ROMA. Le indagini sulla morte di Emanuele Morganti, il ragazzo di 20 anni massacrato di botte fuori da un locale di Alatri, in provincia di Frosinone, sono quindi arrivate a una svolta.
«L’uccisione di questo ragazzo – spiega Claudio Mencacci, medico psichiatra e presidente della Società Italiana di Psichiatria – presuppone una condizione sociale in cui l’imposizione attraverso l’aggressività diventa lo strumento principale per imporre la propria volontà. In questo caso la vittima è un giovane che presenta nella sua normalità il rispetto e la difesa di una donna, diventando quindi un soggetto da aggredire e sopraffare. È proprio sotto questo profilo – il provare empatia e rispetto, una difesa nei confronti dei propri sentimenti e legami – che il ragazzo diventa agli occhi di alcuni individui inaccettabile, il suo comportamento viene visto come qualcosa da punire severamente: è la logica più terribile che troviamo in tutti gli atti di prevaricazione e aggressività, in condizioni tragiche come questa e in tutte le situazioni di bullismo».
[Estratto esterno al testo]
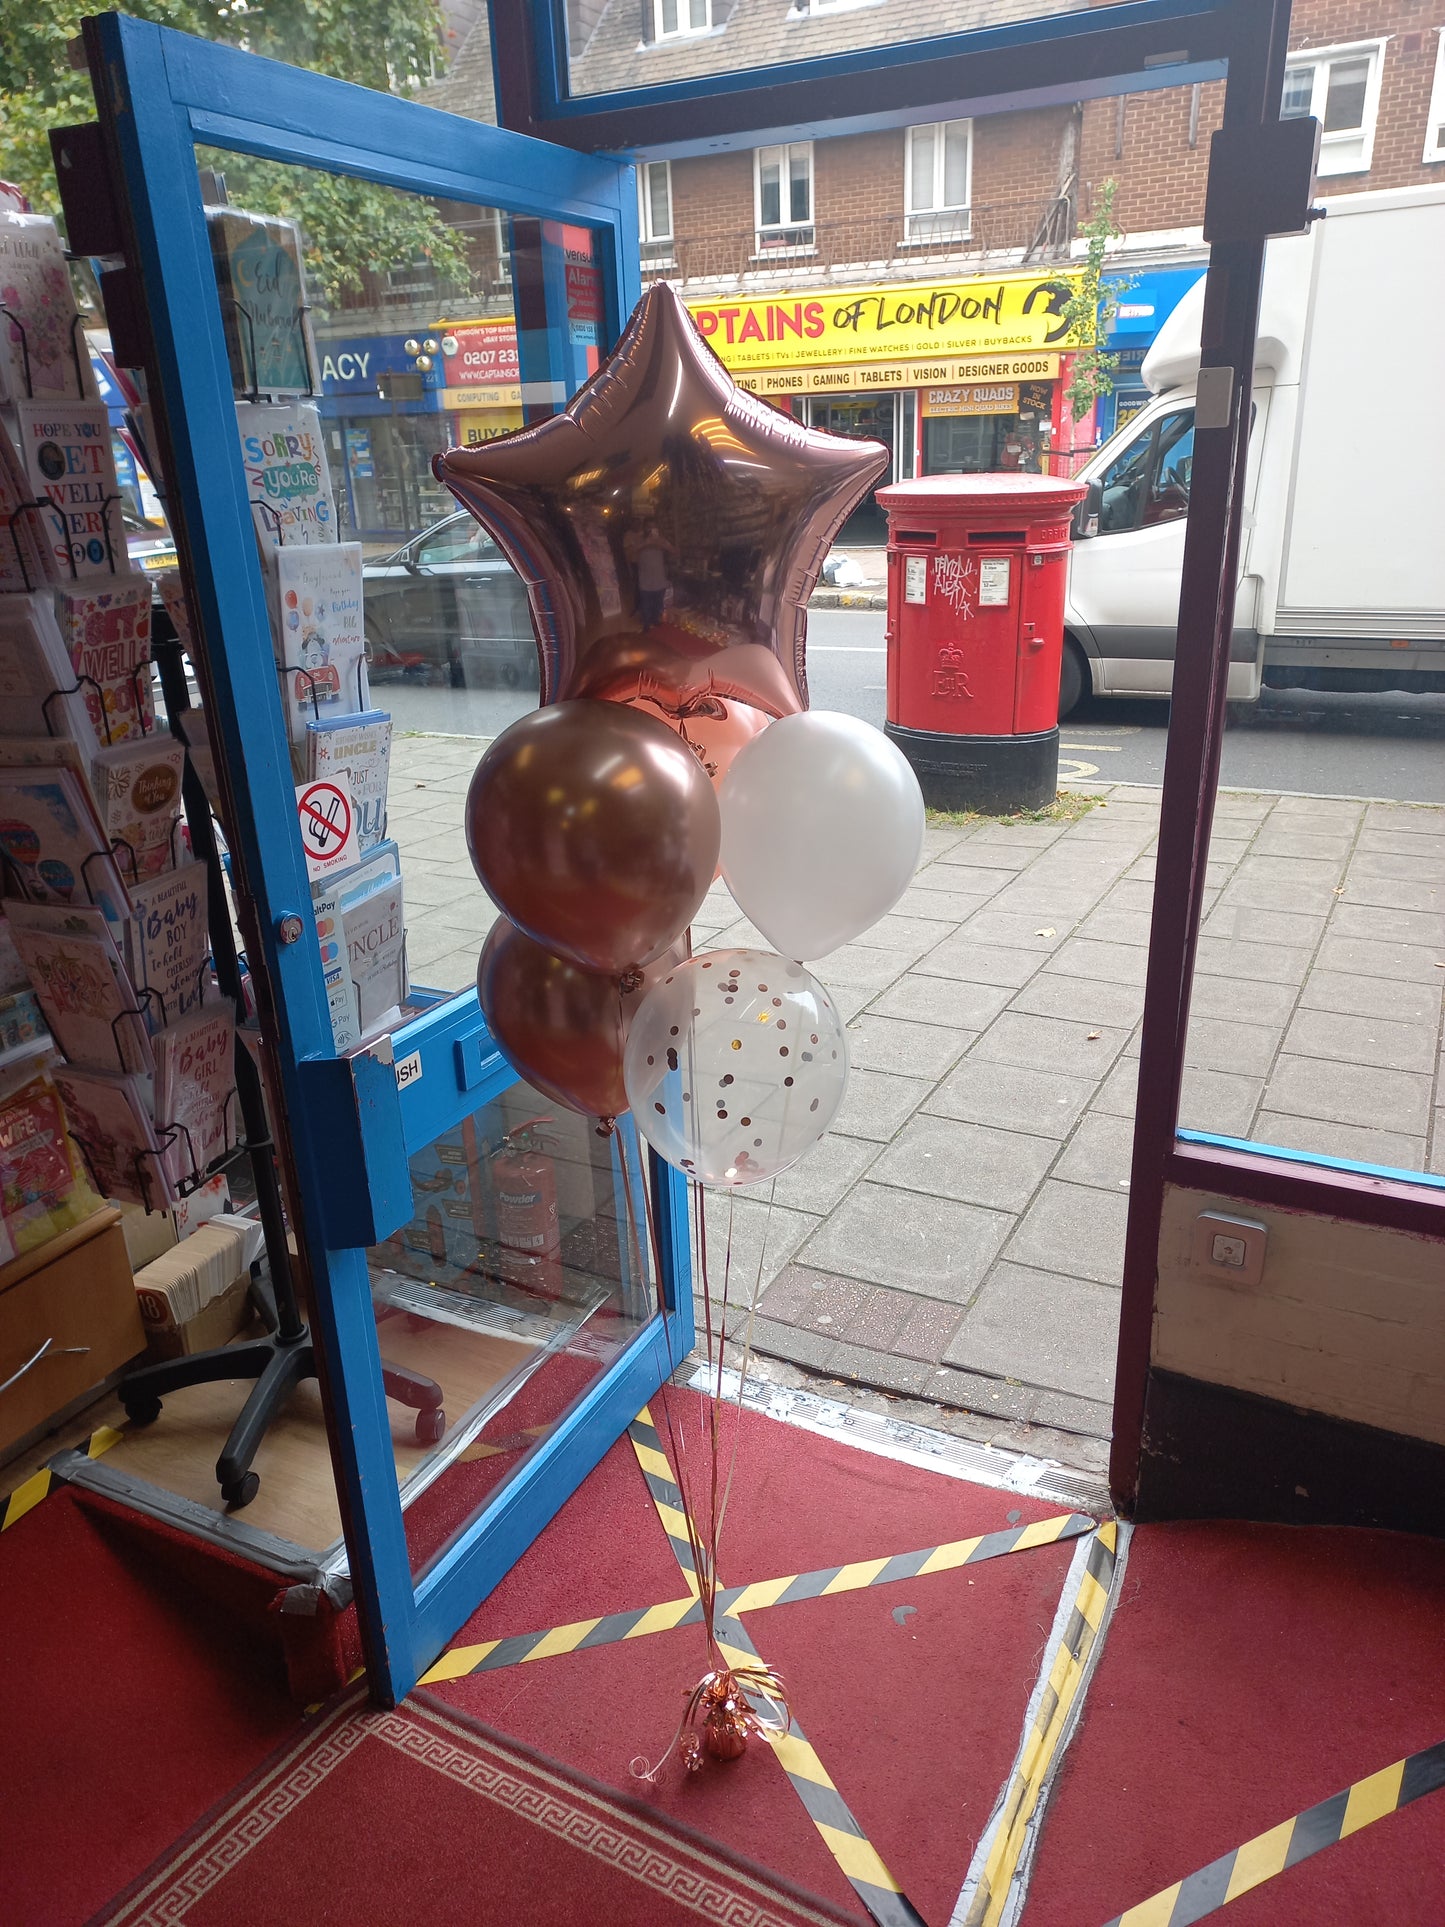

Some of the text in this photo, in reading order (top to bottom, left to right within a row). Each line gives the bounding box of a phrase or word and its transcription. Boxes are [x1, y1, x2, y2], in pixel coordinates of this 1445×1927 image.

[876, 286, 1005, 331] LONDON
[463, 350, 496, 365] 0207
[737, 353, 770, 361] TABLETS
[795, 349, 843, 358] JEWELLERY
[848, 346, 868, 355] FINE
[869, 344, 910, 353] WATCHES
[916, 341, 940, 350] GOLD
[946, 339, 977, 349] SILVER
[983, 335, 1033, 346] BUYBACKS
[766, 376, 803, 389] PHONES
[813, 373, 850, 386] GAMING
[860, 370, 902, 383] TABLETS
[913, 367, 947, 380] VISION
[958, 363, 1009, 377] DESIGNER
[1012, 361, 1049, 374] GOODS
[457, 392, 499, 403] COMPUTING
[928, 389, 970, 404] CRAZY
[1029, 384, 1049, 395] NOW
[1022, 396, 1047, 410] STOCK
[32, 422, 101, 438] HOPE YOU
[467, 428, 498, 443] BUY
[37, 440, 105, 481] GET
[43, 482, 109, 505] WELL
[84, 603, 138, 647] GET
[82, 639, 137, 684] WELL
[333, 739, 377, 761] UNCLE
[352, 768, 370, 786] JUST
[362, 780, 384, 796] FOR
[313, 854, 348, 873] NO SMOKING
[157, 880, 188, 903] BEAUTIFUL
[147, 891, 198, 940] Baby
[166, 921, 188, 948] BOY
[326, 974, 341, 985] VISA
[334, 994, 346, 1006] Pay
[338, 1013, 351, 1027] Pay
[179, 1029, 228, 1075] Baby
[194, 1058, 218, 1082] GIRL
[138, 1293, 161, 1319] 18
La dinamica dunque è tanto semplice quanto inquietante: la violenza e la prepotenza devono sopraffare la normalità. «Questo – continua Mencacci – perché in certi ambienti la normalità diventa anomalia. Là dove si esce dalla logica che il potere è fatto solo di violenza cieca, è in quelle situazioni che questi orrori si verificano. Quello che è accaduto è un esempio di orda primitiva in cui la legge del gruppo ha il sopravvento sulla persona più fragile in quel momento, isolata rispetto a un branco così compatto». Ma perché tanta aggressività? Da dove nasce?
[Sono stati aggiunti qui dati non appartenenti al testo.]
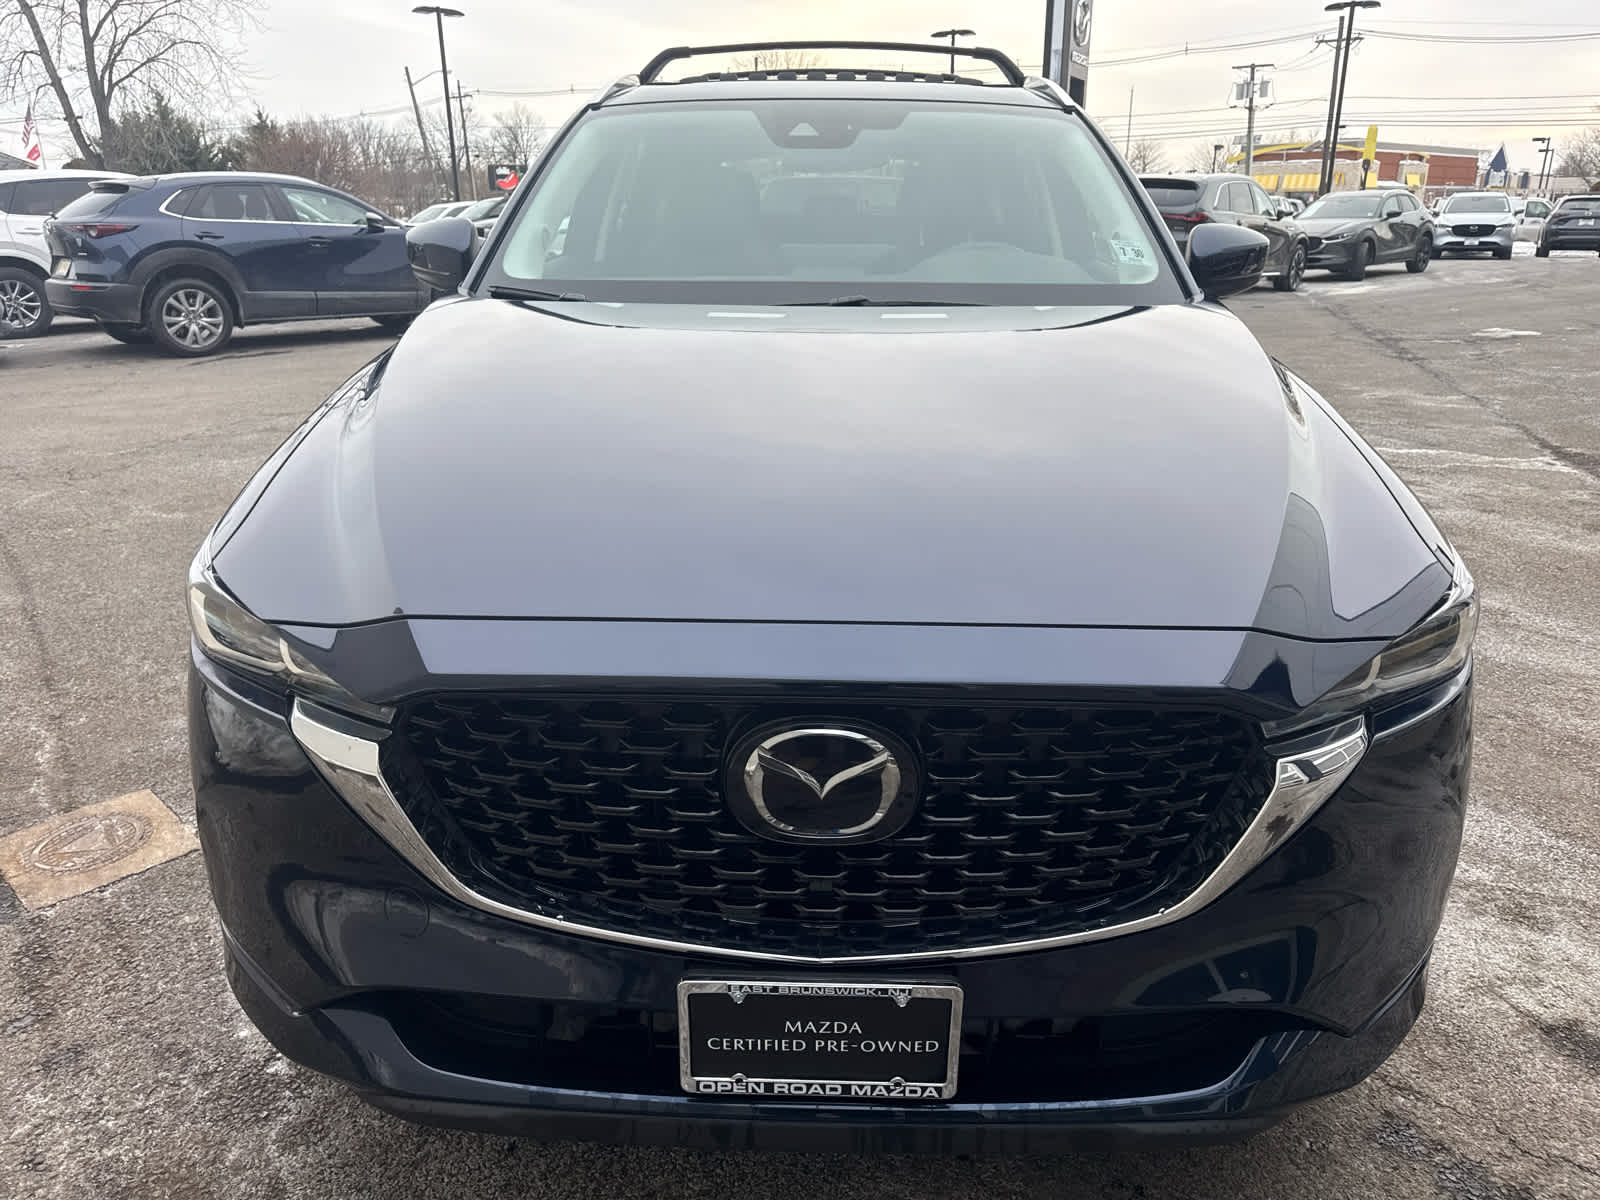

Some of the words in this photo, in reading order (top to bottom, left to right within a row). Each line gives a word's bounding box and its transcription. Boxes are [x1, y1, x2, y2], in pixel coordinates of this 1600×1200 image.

[730, 984, 772, 994] EAST
[887, 988, 910, 997] NJ
[784, 1021, 863, 1035] MAZDA
[707, 1037, 807, 1052] CERTIFIED
[815, 1039, 940, 1053] PRE-OWNED
[699, 1081, 765, 1093] OPEN
[773, 1083, 843, 1096] ROAD
[850, 1084, 940, 1098] MAZDA
«Quello che constatiamo – spiega l’esperto – è che l’accesso a comportamenti aggressivi e violenti e il passaggio da pensiero a azione si sta riducendo. Si stanno riducendo i tempi del pensare prima dell’agire, e stanno amplificandosi gli stimoli nei confronti dell’impulsività, a sua volta aumentata dal gruppo, ed eventualmente amplificata da alcol e sostanze stupefacenti». Questo accorciamento tra pensiero e azione, precisa l’esperto, deriva da tanti fattori, ormai legati da un lato a una progressiva riduzione della quantità di sonno, dall’altro all’aumento delle sostanze stimolanti anche naturali, per non parlare di alcol e droghe.
«Ma è l’accelerazione di tutto il nostro mondo l’aspetto più inquietante – conclude Mencacci – legata a un confrontarsi sempre più ossessivamente con l’utilizzo della rete, con strumenti di comunicazione sempre più veloci. Noi comunichiamo ormai solo con
l’udito, le persone si vedono sempre meno, e quello che diminuisce, di conseguenza, è la costruzione del senso di rete, di relazioni affettive e sociali. Quando le reti sociali sono così lacerate, l’impulsività produce aggressività, e la violenza è inevitabile».